In 2007, Tellabs earned $1.9 billion in revenue,[5] with $1.4 billion coming from North American operations, and $500 million coming from abroad.[6] In October 2008, however, the company suffered a $988 million loss to write down the value of "goodwill" (intangible assets).[7] The company also cut 280 jobs (roughly 8% of its workforce) due to weakening sales.[8]

Since the late 1990s, major telecom mergers have strained revenues and profits from Tellabs' products. Between 1998 and 2007, a list of about twenty telecom industry giants became a list of ten[9], and the larger, merged companies have since been able to consolidate resources and reduce their need for the kind of equipment that Tellabs sells.[10]

Business Overview

Tellabs' Earnings vs. Revenue, 2005-2007
Tellabs' Earnings vs. Revenue, 2005-2007[11]

Tellabs' equipment enables telecom providers to meet businesses' and consumers' rapidly increasing demand for bandwidth with products such as fiber optic networks.[12] These network solutions include technologies that transport new, 3rd generation services, streamline mobile networks to lower costs, and deliver broadband voice, data and video services using fiber-access systems.[13] In 2007, Tellabs provided equipment to 30 of the world’s 35 largest service providers, including Verizon and AT&T.[14] Servicing both domestic and international markets, Tellabs primarily sells to communication services providers, including local exchange carriers (LECs); national post, telephone and telegraph (PTT) administrators, wireless service providers, multiple system operators (MSOs), and competitive service providers (CSPs). The customer base also includes distributors, original equipment manufacturers (OEMs), system integrators and government agencies.[15] Tellabs has strong relationships with global telecom service providers, including AT&T (United States), Ericsson (Sweden), NTT (Japan), T-Mobile (United States), Telecom Italia (Italy), Telekom Malaysia (Malaysia), Telstra (Australia), Verizon (United States), Vodacom SA (South Africa) and Vodafone (Hungary).[1]

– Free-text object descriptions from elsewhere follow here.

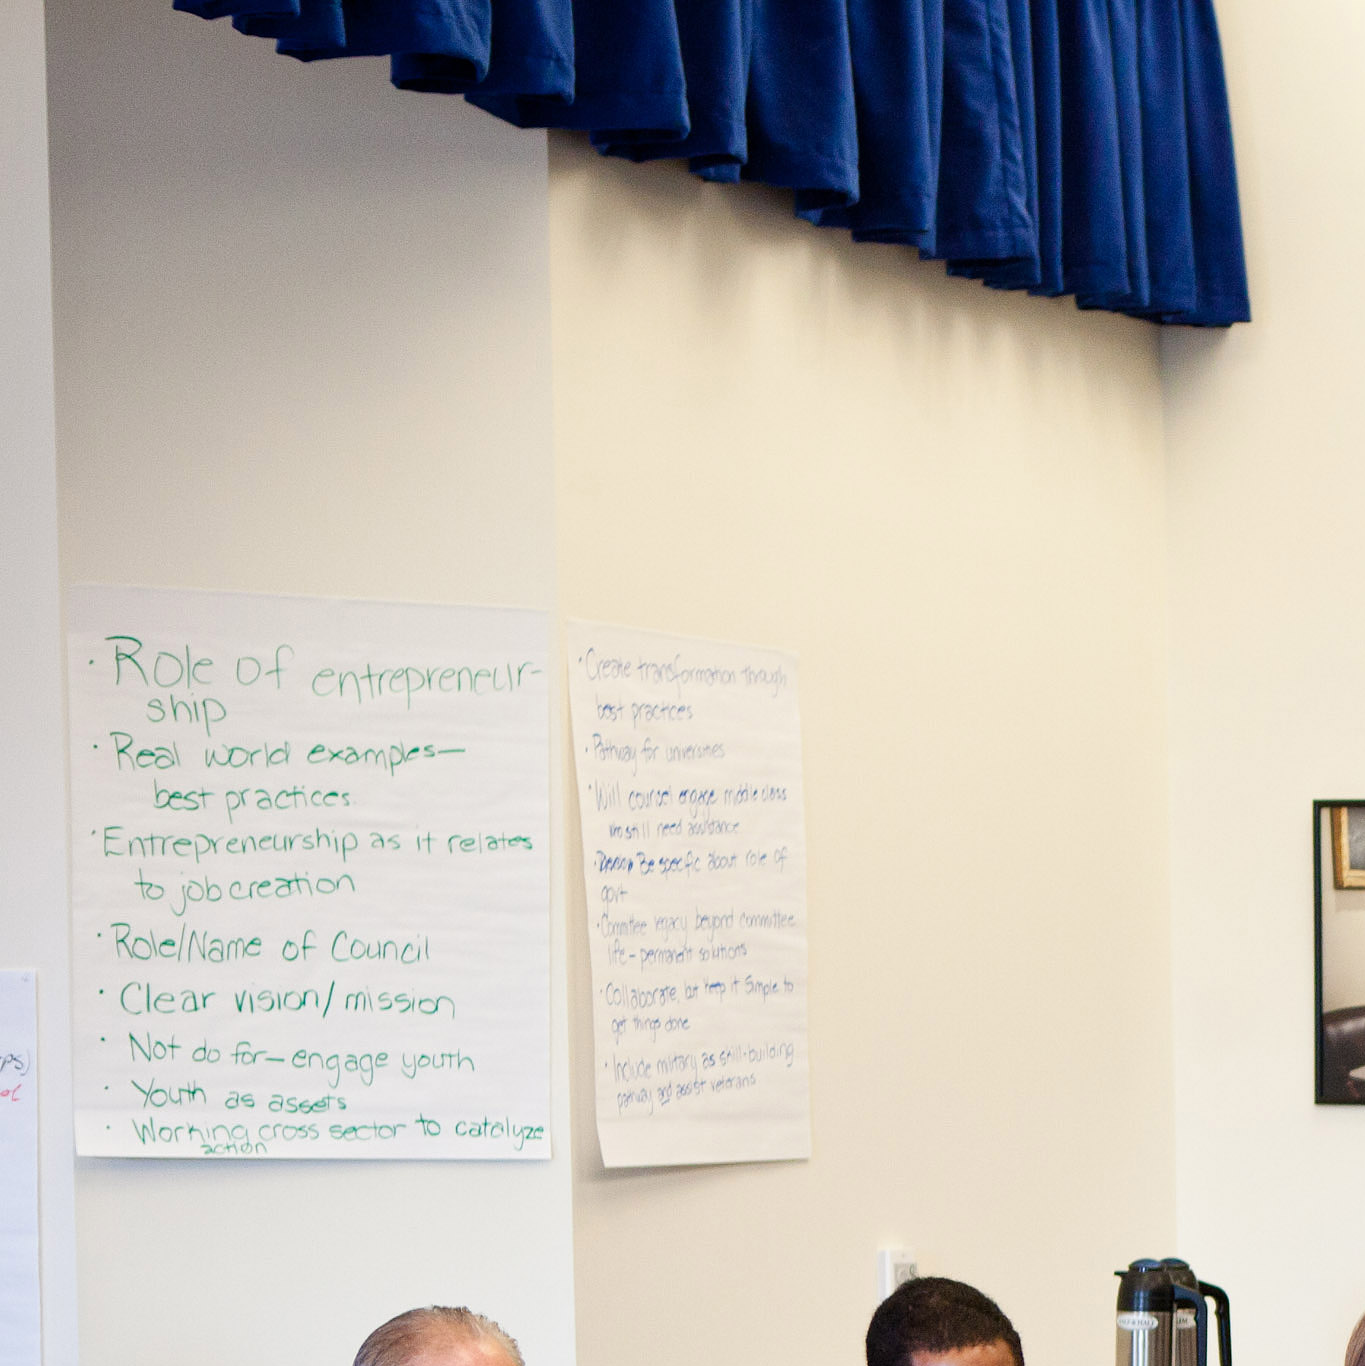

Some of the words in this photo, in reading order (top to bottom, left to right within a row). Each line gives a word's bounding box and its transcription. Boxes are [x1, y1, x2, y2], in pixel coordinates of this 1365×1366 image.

[105, 636, 213, 688] Role
[236, 645, 295, 689] of
[312, 660, 543, 709] entrepreneur-
[147, 693, 227, 736] ship
[595, 694, 625, 722] best
[109, 731, 181, 770] Real
[205, 741, 290, 768] world
[153, 778, 214, 812] best
[226, 784, 351, 823] practices
[103, 826, 359, 863] Entrepreneurship
[370, 832, 401, 851] as
[416, 830, 433, 853] it
[447, 829, 534, 854] relates
[134, 868, 165, 901] to
[170, 873, 222, 916] job
[229, 873, 356, 901] creation
[110, 922, 262, 965] Role/Name
[282, 930, 316, 961] of
[331, 930, 430, 964] Council
[120, 981, 216, 1015] Clear
[665, 1016, 691, 1034] done
[129, 1032, 182, 1063] Not
[192, 1033, 222, 1064] do
[401, 1047, 475, 1080] youth
[613, 1053, 652, 1083] Include
[131, 1079, 207, 1110] Youth
[224, 1090, 255, 1110] as
[267, 1092, 348, 1115] assets
[710, 1072, 757, 1092] veterans
[131, 1117, 249, 1147] Working
[258, 1122, 319, 1142] cross
[329, 1117, 406, 1140] sector
[415, 1113, 441, 1137] to
[455, 1114, 546, 1151] catalyze
[199, 1139, 269, 1156] action

Business and Financial Metrics

Tellabs’ 2007 revenue of $1.9 billion fell 6% from a year ago,[16] due mostly to reduced product revenue in the Transport segment.[6] Over the same time period, gross profit fell by 28% from $934 million to $674 million - a result of the price-cutting induced by the increasing hyper-competition in the industry.[17] Almost half of 2007's revenue came from products added over the last five years.[18] Fiber-access systems performed particularly well in 2007, rising to a record level and accounting for 69% of product revenue, compared with 57% in 2006.[18] In addition, Services revenue increased 22% from $183 million to $222 million.[18]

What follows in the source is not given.